A lot of you justify this practice by quoting the old Ecclesiastical axiom that "there is nothing new under the sun". There is very little new that you, as a pastor, can craft to preach about. Right? It's all be said. That is a cop-out. Let's use that logic in another context:
I am a songwriter. Surely, every chord progression, lyrical twist, rhyme and melody has already been written. How can you possibly write something new with millions of songs in every conceivable combination committed to vinyl?
Simple - because with tens of thousands of words and millions of possible mutations of notes, melodic structure, tonal choices and more, I can write a new melody that has never been heard before almost without effort. Imagine the beauty I can create when I really work on something.
When I listen to the music of others, without question, it provides an inspiration. That goes without saying. But what would you say to me if I simply threw up my hands and said "there's really nothing new under the sun...I can come close, but I can't really write anything original." Then proceeded to play, before my congregation, a new song that I claim to have written with the title "My God of Wonders", complete with the lyrics "[My] God of wonders beyond our galaxy, you are [so] holy..."
I know what your reaction would be- shock, disbelief, and most likely, the expectation that I would pull the fraudulent song from the inventory and never do it again.
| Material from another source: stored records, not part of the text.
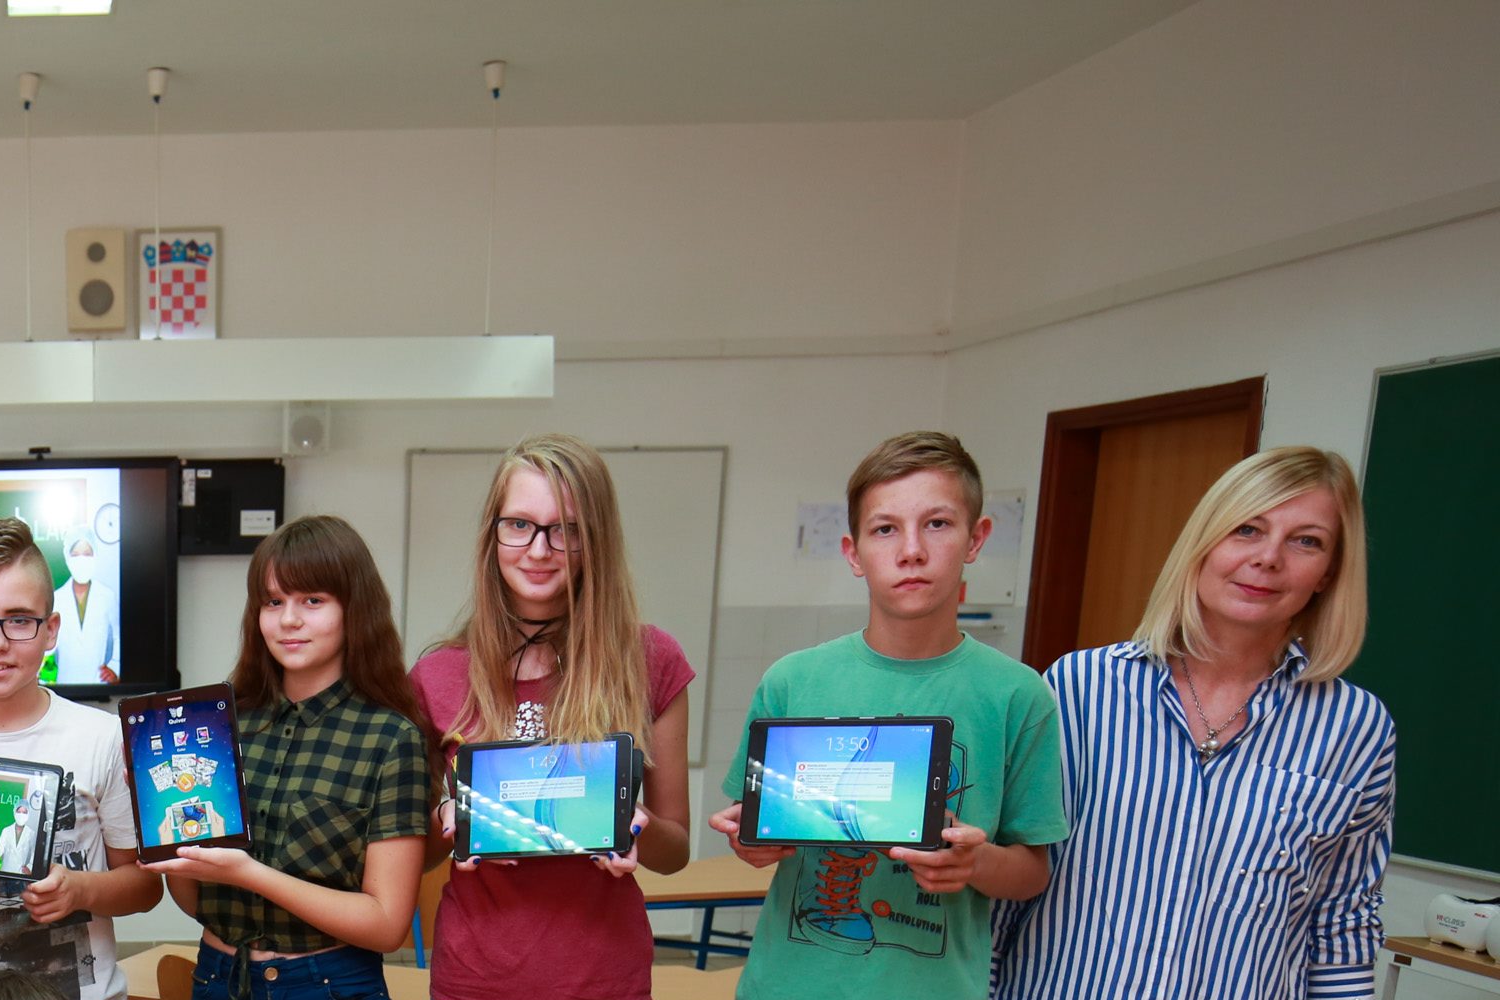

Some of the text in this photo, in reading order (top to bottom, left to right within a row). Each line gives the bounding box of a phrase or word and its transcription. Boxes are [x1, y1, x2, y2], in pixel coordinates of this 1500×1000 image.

[168, 717, 187, 725] Quiver
[825, 737, 870, 752] 13:50
[916, 892, 941, 907] ROLL
[888, 911, 944, 935] REVOLUTION
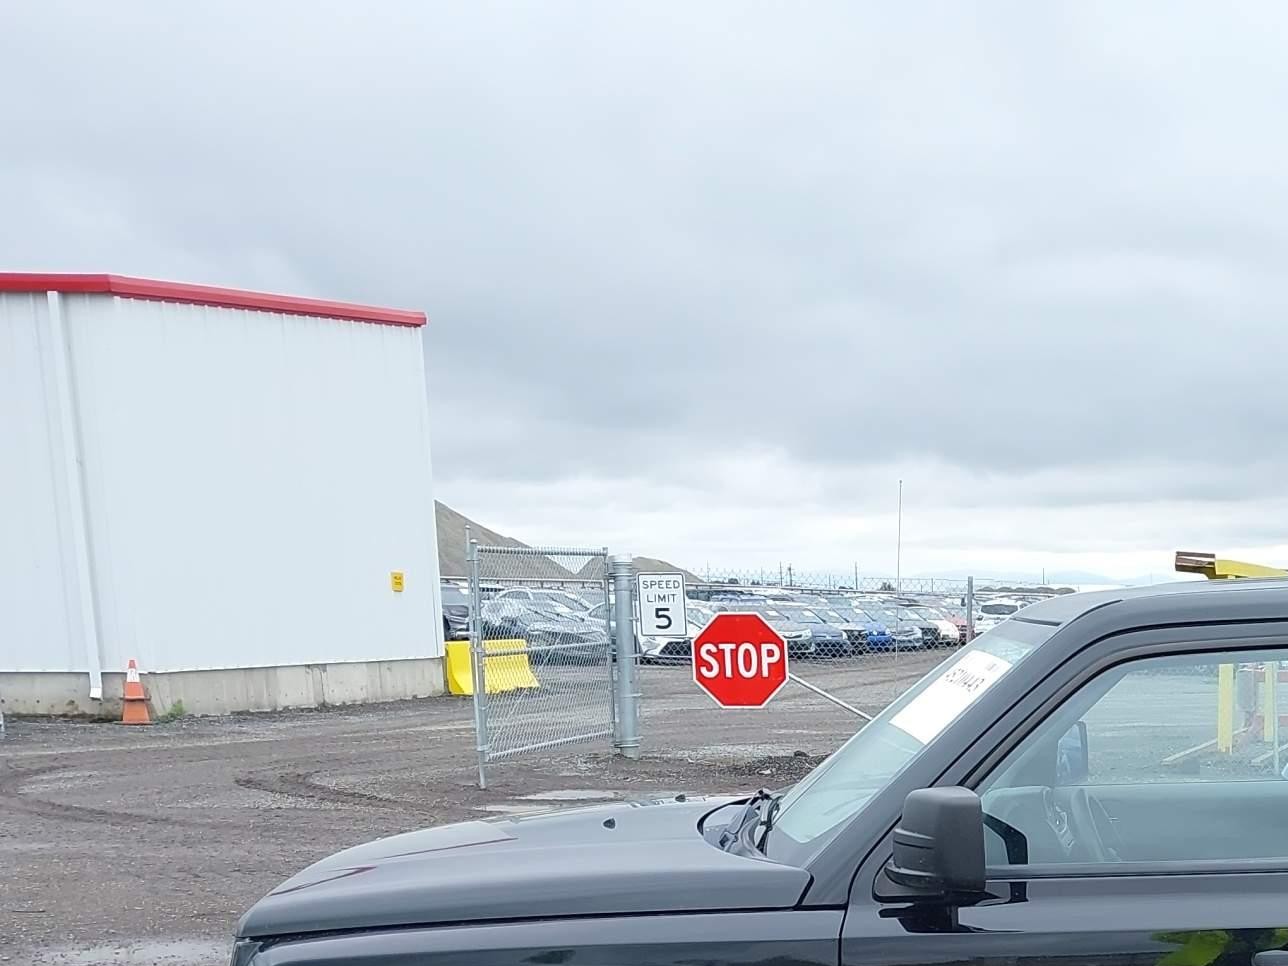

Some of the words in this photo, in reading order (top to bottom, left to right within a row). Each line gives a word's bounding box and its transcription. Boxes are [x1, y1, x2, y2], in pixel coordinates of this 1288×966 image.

[642, 579, 681, 590] SPEED
[646, 593, 677, 603] LIMIT
[654, 607, 673, 630] 5
[699, 642, 781, 679] STOP
I can either do "God of Wonders", which everyone knows I didn't write, or I can truly write a new song. What I can't do is to craft some amalgamation of a previously written song and my own song, pass it off as mine, and hope to get away with it. Most likely, I'll be sued for copyright infringement.
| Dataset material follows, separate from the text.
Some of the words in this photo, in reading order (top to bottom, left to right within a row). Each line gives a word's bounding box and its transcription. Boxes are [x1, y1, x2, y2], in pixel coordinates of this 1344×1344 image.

It amazes me that you pastors who feel no trepidation in pilfering and presenting a packaged sermon as your own are the same pastors who are overly cautious about CCLI, copying music in music library, broadcasting music on your website, using TV clips for your sermon which fall outside the CLVI license, an so on. But you'll literally phone in a sermon, pass off as yours some Saddleback rehash from 1998.
Why?
I am challenging you, pastor - to stop. Stop plagiarizing. Stop relying on pre-packaged internet sermons. If you do rely on them, at least do so with full disclosure. Think about the implicit agreement you have with your congregation - that their expectation is that you are writing your own sermon. With resources, of course, but YOU are writing, researching, immersing yourself in the Word, and crafting the message.
Would you feel comfortable telling your flock that you are using downloaded sermons, sometimes word for word? If the answer is "no", you know the right answer. Stop the practice now, and bring back integrity to the pulpit.